## Work request
Print the line containing "this 1600×900 image." and each line after it to the end of the material below. Print nothing else.

****

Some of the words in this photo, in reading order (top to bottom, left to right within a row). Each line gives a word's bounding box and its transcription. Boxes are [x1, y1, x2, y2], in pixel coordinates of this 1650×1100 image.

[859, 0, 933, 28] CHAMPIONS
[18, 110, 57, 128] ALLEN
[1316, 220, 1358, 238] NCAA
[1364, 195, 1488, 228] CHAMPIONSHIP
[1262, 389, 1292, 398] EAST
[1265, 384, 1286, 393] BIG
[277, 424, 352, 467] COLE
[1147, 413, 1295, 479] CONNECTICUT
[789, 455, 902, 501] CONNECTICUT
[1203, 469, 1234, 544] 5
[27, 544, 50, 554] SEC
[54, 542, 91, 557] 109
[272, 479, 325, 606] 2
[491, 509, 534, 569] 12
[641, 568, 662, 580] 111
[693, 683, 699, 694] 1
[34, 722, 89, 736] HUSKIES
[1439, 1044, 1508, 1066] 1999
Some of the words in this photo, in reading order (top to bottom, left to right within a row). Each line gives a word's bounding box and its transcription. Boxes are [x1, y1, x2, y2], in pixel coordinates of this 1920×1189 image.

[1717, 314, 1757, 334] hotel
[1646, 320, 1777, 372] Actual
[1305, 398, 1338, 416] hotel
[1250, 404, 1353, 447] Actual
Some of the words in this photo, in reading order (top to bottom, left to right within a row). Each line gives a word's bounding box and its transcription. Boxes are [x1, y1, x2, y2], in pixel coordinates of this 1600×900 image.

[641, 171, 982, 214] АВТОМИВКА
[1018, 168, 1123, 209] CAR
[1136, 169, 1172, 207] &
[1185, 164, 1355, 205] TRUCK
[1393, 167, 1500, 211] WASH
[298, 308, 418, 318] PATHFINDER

****

## Solution for this exercise
Some of the words in this photo, in reading order (top to bottom, left to right within a row). Each line gives a word's bounding box and its transcription. Boxes are [x1, y1, x2, y2], in pixel coordinates of this 1600×900 image.

[641, 171, 982, 214] АВТОМИВКА
[1018, 168, 1123, 209] CAR
[1136, 169, 1172, 207] &
[1185, 164, 1355, 205] TRUCK
[1393, 167, 1500, 211] WASH
[298, 308, 418, 318] PATHFINDER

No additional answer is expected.